BERLIN, Germany: In a new study, researchers from the Robert Koch Institut (RKI) have examined, among other subjects, the prevalence, determinants and trends of tooth brushing frequency and utilisation of dental check-ups in children and adolescents in Germany. The reports are based on the data collected from the second wave of the German Health Interview and Examination Survey for Children and Adolescents (KiGGS Wave 2, 2014-2017).

According to the study, around 80 per cent of children and adolescents meet the recommended tooth brushing frequency and dental check-ups. However, around one-fifth of children and adolescents do not, with 14- to 17-year-old adolescents, as well as those with low socio-economic status and or migrant backgrounds being particularly at risk.

Additionally, the results also showed that the utilisation of dental check-ups has increased compared to the KiGGS baseline study in 2003-2006. However, with more work still to be done, the researchers noted that effective caries prevention requires interdisciplinary cooperation between dentistry, paediatrics and other medical disciplines. Emphasising that target group appropriate measures, such as for children and adolescents with low social status and or migrant backgrounds have delivered promising results.
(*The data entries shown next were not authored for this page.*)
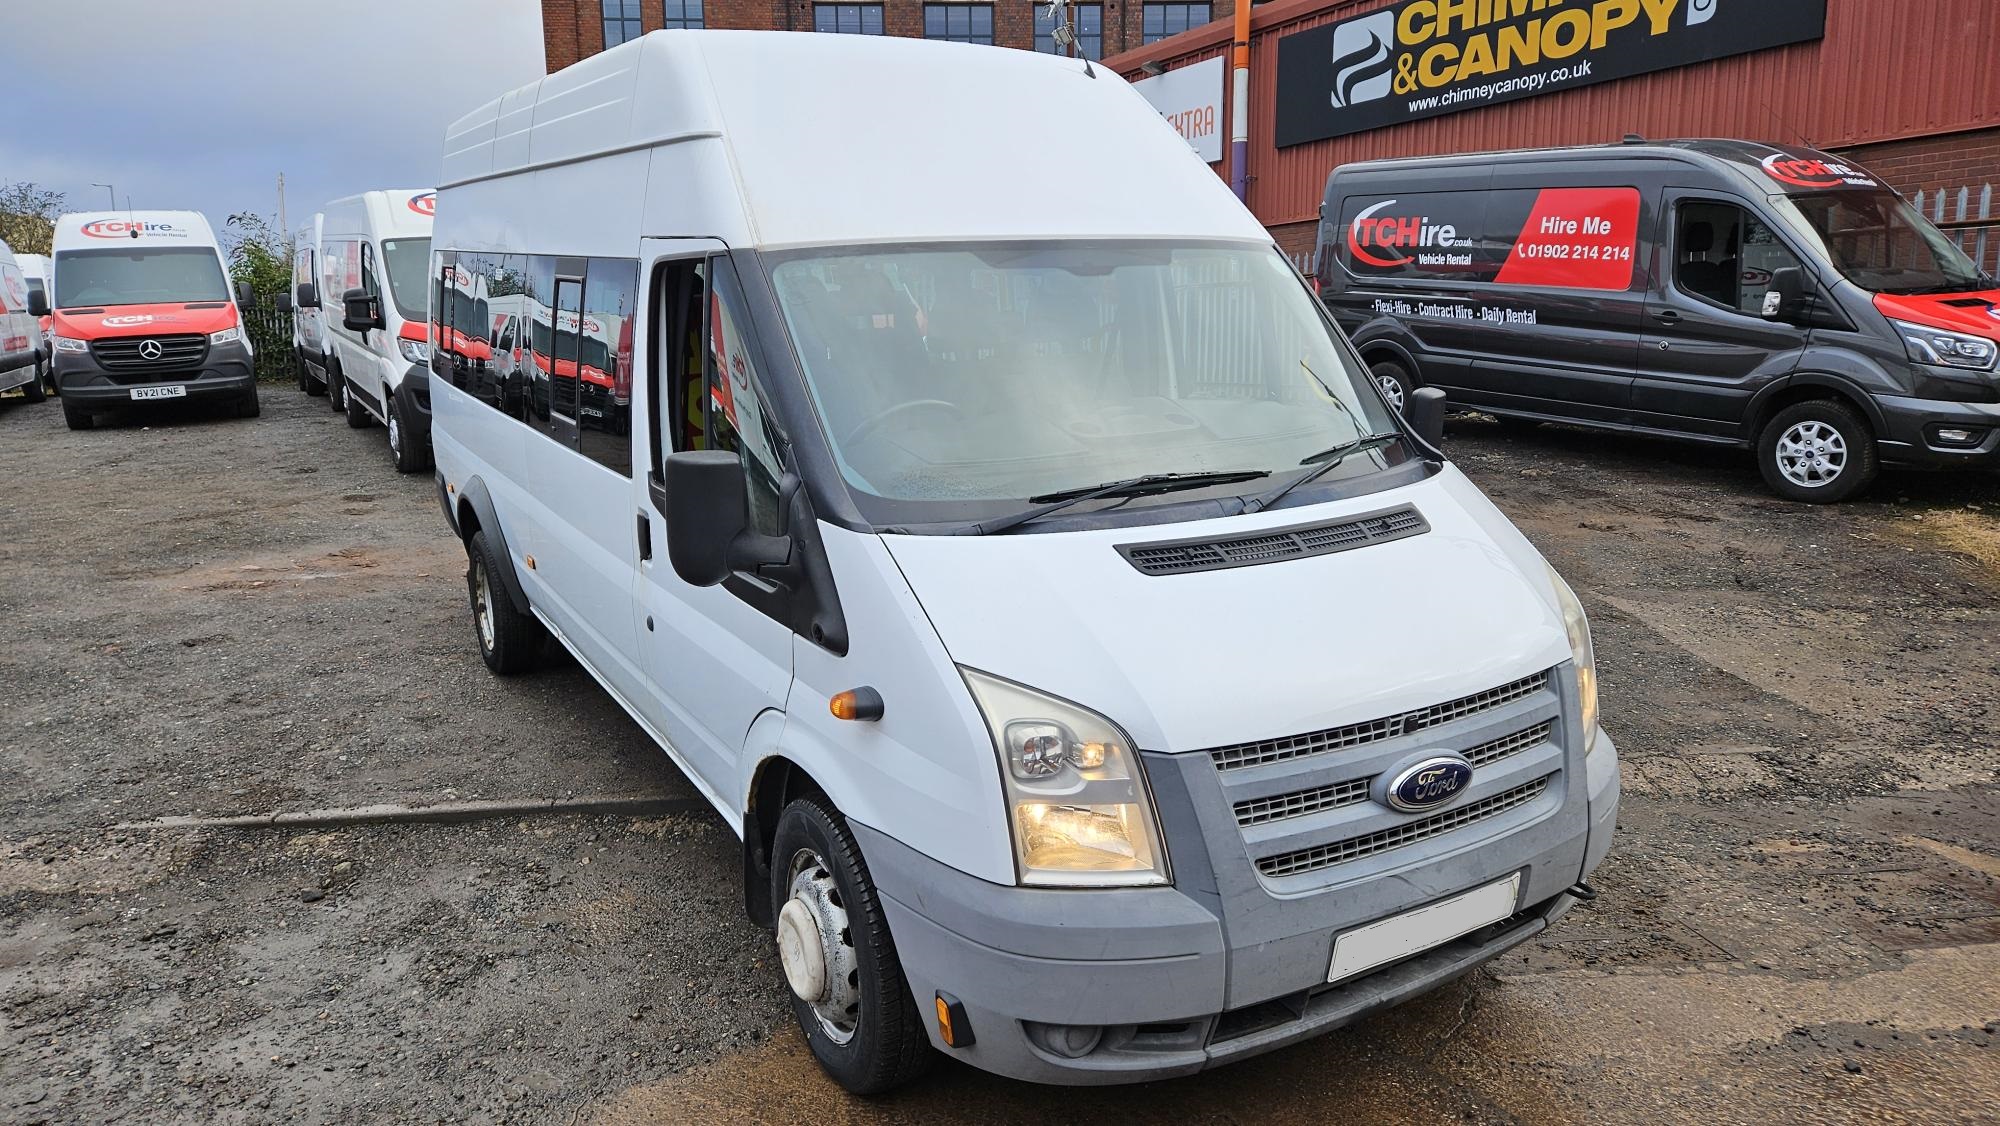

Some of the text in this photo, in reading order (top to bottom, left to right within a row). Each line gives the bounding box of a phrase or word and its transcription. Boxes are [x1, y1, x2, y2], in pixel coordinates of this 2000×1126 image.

[1393, 0, 1679, 95] &CANOPY
[1409, 60, 1592, 112] www.chimneycanopy.co.uk
[1540, 216, 1611, 235] Hire Me
[1419, 253, 1472, 265] Vehicle Rental
[1528, 244, 1630, 260] 01902 214 214
[1375, 299, 1537, 325] Flexi-Hire Contract Hire Daily Rental
[136, 387, 180, 398] BV21 CNE
[1415, 767, 1459, 800] Ford
The KiGGS is the only comprehensive study on the health of children and adolescents in Germany and an important database for evidence-based policy decisions. KiGGS Wave 2 was carried out between 2014 and 2017. As well as oral health, the study also focused on the utilisation of physical therapy, speech therapy and occupational therapy and the association between the utilisation of medical services and social status.

The report, titled “Utilization of medical services by children and adolescents in Germany”, was published on 4 December in the Robert Koch Institut’s Journal of Health Monitoring.